I don't care if he is homosexual or not, and I cannot comment on his poems, as I am unable to read them. But I am immensely annoyed when I encounter hypocrisy and double standards. If Cathal Ó Searcaigh were heterosexual (as the vast majority of people) and had slept with Nepali girls aged 16 or 17, he would be branded a "pedophile" and the full force of the Law would come down on him. (Men have been sent to jail for a lot less, even for nothing more than looking at pictures of young girls.)
But obviously there is one law for most of us, and another for homosexuals, who like to call themselves "gay" these days by hijacking a perfectly normal word that means jolly or joyful.
(For example, the well-known operetta "The Gay Hussar" is not about a homosexual in the Cavalry. Quite the opposite!)
Until recently this country was blighted by homosexual priests who abused young boys in their care for many years. Now there are homosexuals in almost every walk of life and profession, and many of them behave as if they were a new kind of priesthood, superior to the rest of us and entitled to do whatever they desire. And whenever anyone says a critical word about them, they immediately cry "homophobia".
I am a psychologist and have no phobias. And I am not afraid of anything, and especially not of homosexuals. But I am not fond of them either. That is my good and proper right. No one can be forced to like everyone and everything. We all make our choices. This does not mean that I discriminate against homosexuals or wish them any harm. Before the Law everyone should be equal. But this is exactly the problem. After centuries of discrimination and even criminalisation of homosexuality the pendulum is now swinging far in the opposite direction and homosexuals have become virtually untouchable by criticism and the Law.

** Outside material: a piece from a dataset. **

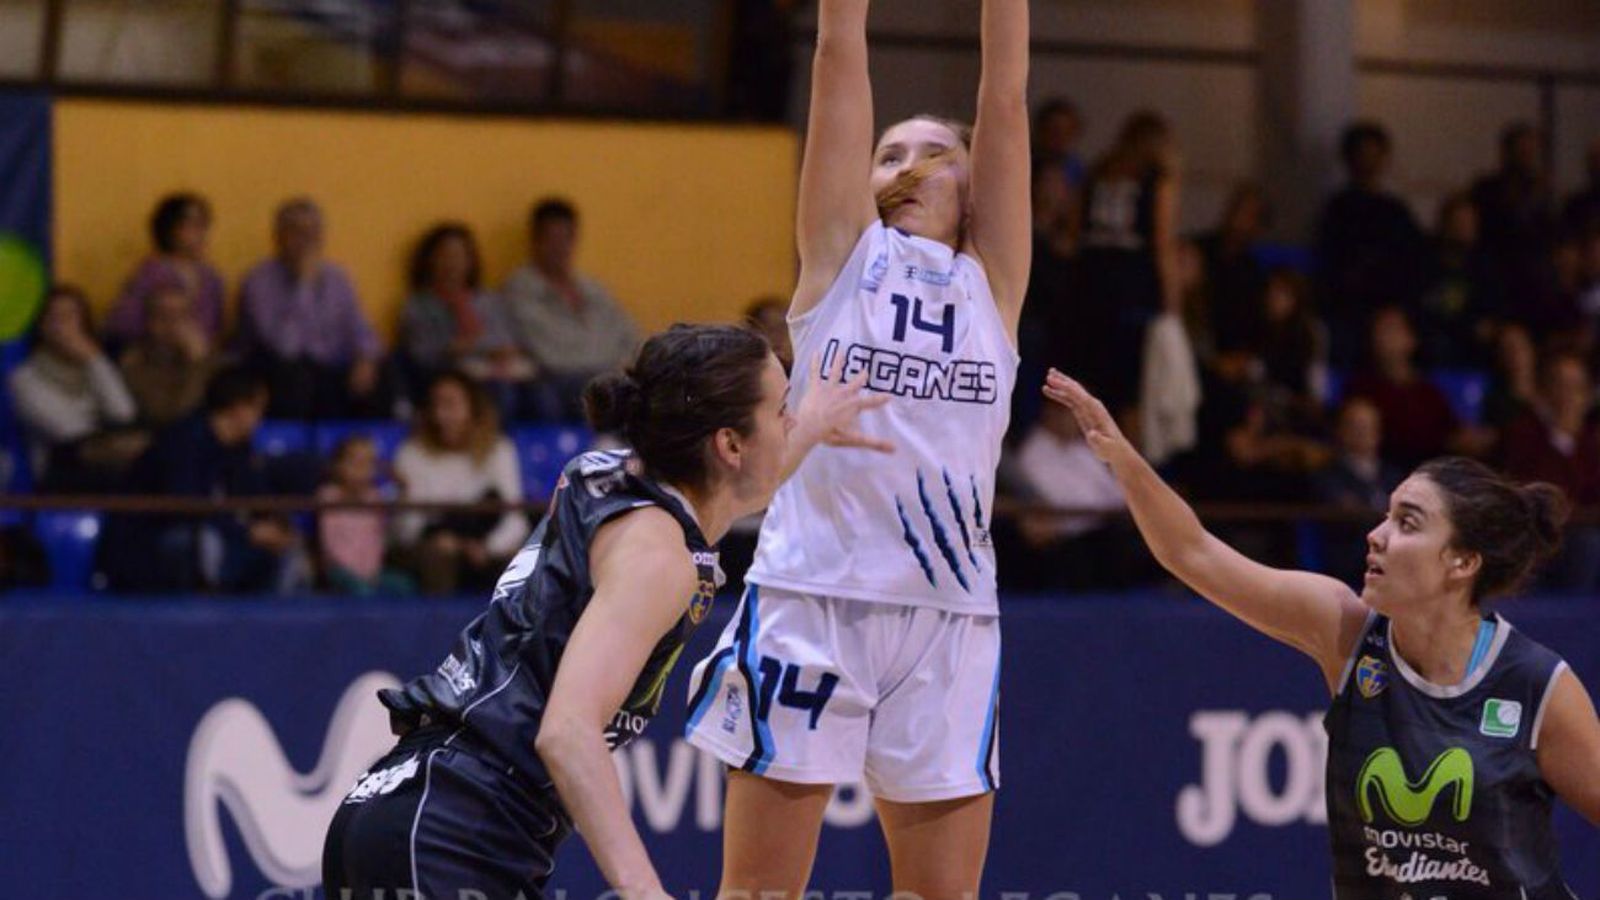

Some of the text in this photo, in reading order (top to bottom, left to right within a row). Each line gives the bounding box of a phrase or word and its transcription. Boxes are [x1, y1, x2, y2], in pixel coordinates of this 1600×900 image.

Being not only homosexual, but also a member of the prestigous Aosdána and a dedicated Irish-speaking poet, makes Cathal Ó Searcaigh - at least in his own opinion - almost untouchable. The Law, he seems to believe, is for the rest of us, the "great unwashed" who speak and write English and do not reside in the illustrious temple of Irish high arts. So he has nothing to feel sorry about, did nothing wrong, and does not even bother to explain himself to the vast majority of the nation in a language that everyone can understand. Some prick, my father would have said, if nothing else.

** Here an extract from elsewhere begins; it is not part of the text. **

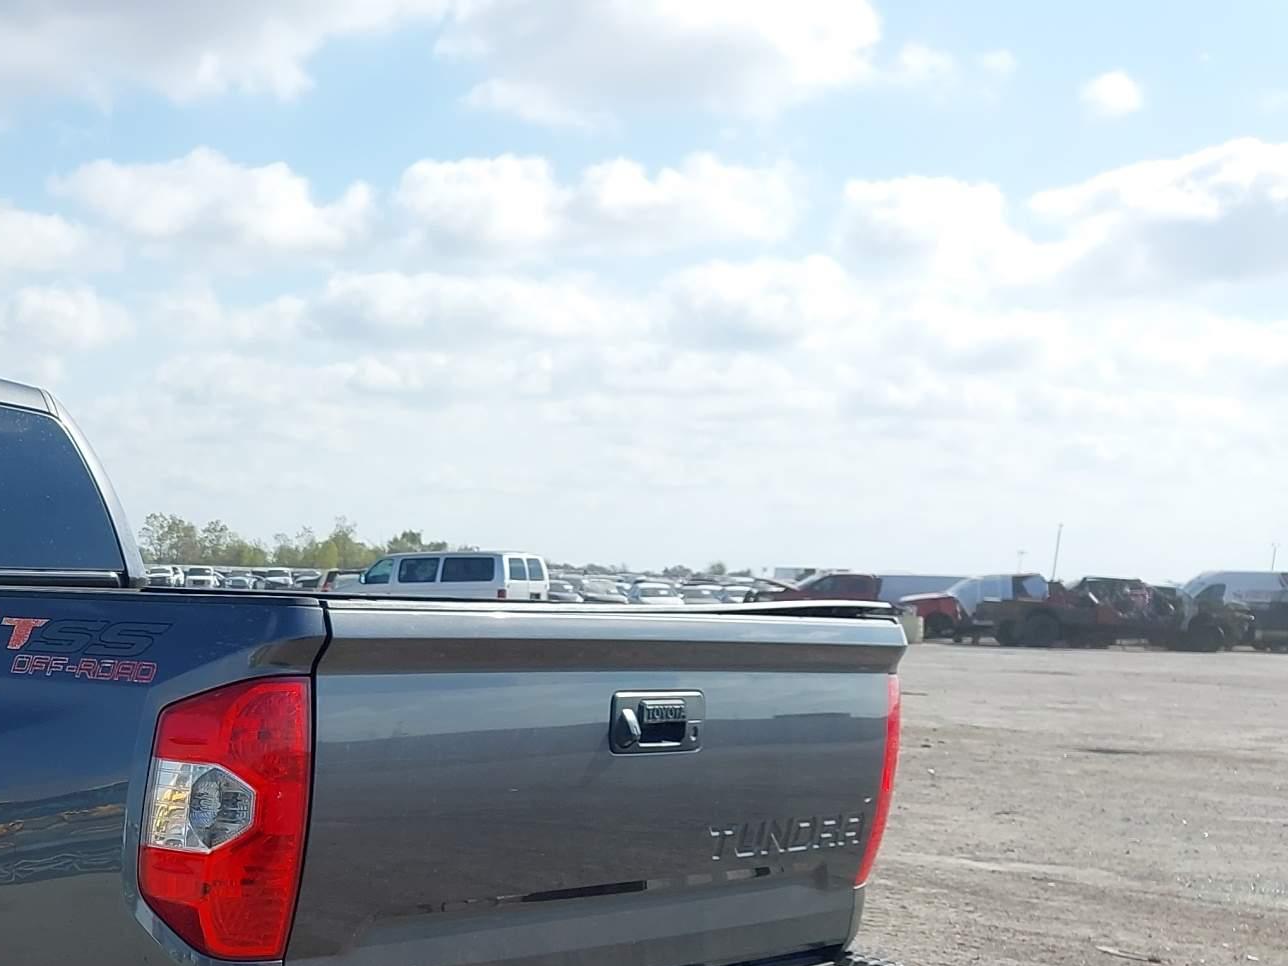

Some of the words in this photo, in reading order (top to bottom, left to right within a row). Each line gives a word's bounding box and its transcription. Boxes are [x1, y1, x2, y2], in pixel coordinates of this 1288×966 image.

[0, 616, 173, 658] TSS
[10, 654, 159, 684] OFF-ROAD
[708, 812, 865, 861] TUNDRA
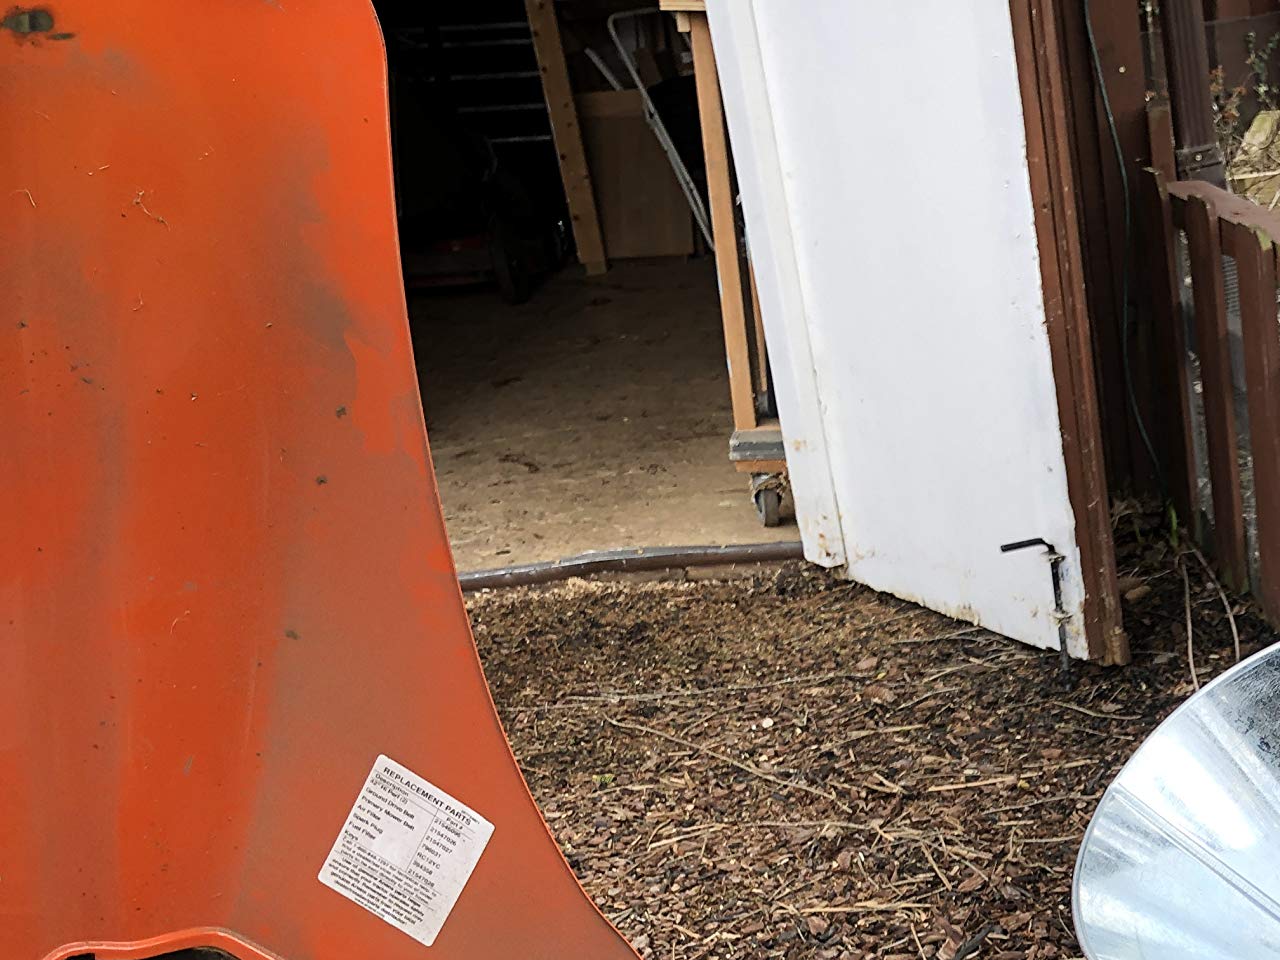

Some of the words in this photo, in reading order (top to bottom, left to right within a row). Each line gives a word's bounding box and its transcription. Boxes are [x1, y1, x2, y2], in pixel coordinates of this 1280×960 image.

Well, I am no judge or lawyer, and I do not condemn anyone. But one thing is clear: Cathal Ó Searcaigh is in hiding and in denial. The whole affair around him and his unusual sex life, as well as its current aftermath, leave a visible stain on the Irish state, its arts establishment and the image of the nation. For me personally it also leaves a very bad taste, to say the least.
As I mentioned above, until two weeks ago I had never even heard his name, despite my regular involvement with literature and the arts. Perhaps he is just another of those highly over-rated artists who live in a world of their own, which cannot be accessed by normal people. In Cathal Ó Searcaigh's case the language barrier does most of that already, and - quite honestly - I am personally glad about that.
Knowing what is now known of the man and his behaviour, I have no time for anything he writes, no matter if it has won him prizes and honours or not. And if I were still in school and would be forced to read and study his poems for the leaving certificate in Irish, I would refuse to work with those texts. If that means that I would fail my Irish exams, so be it.
Who speaks Irish anyway after leaving school?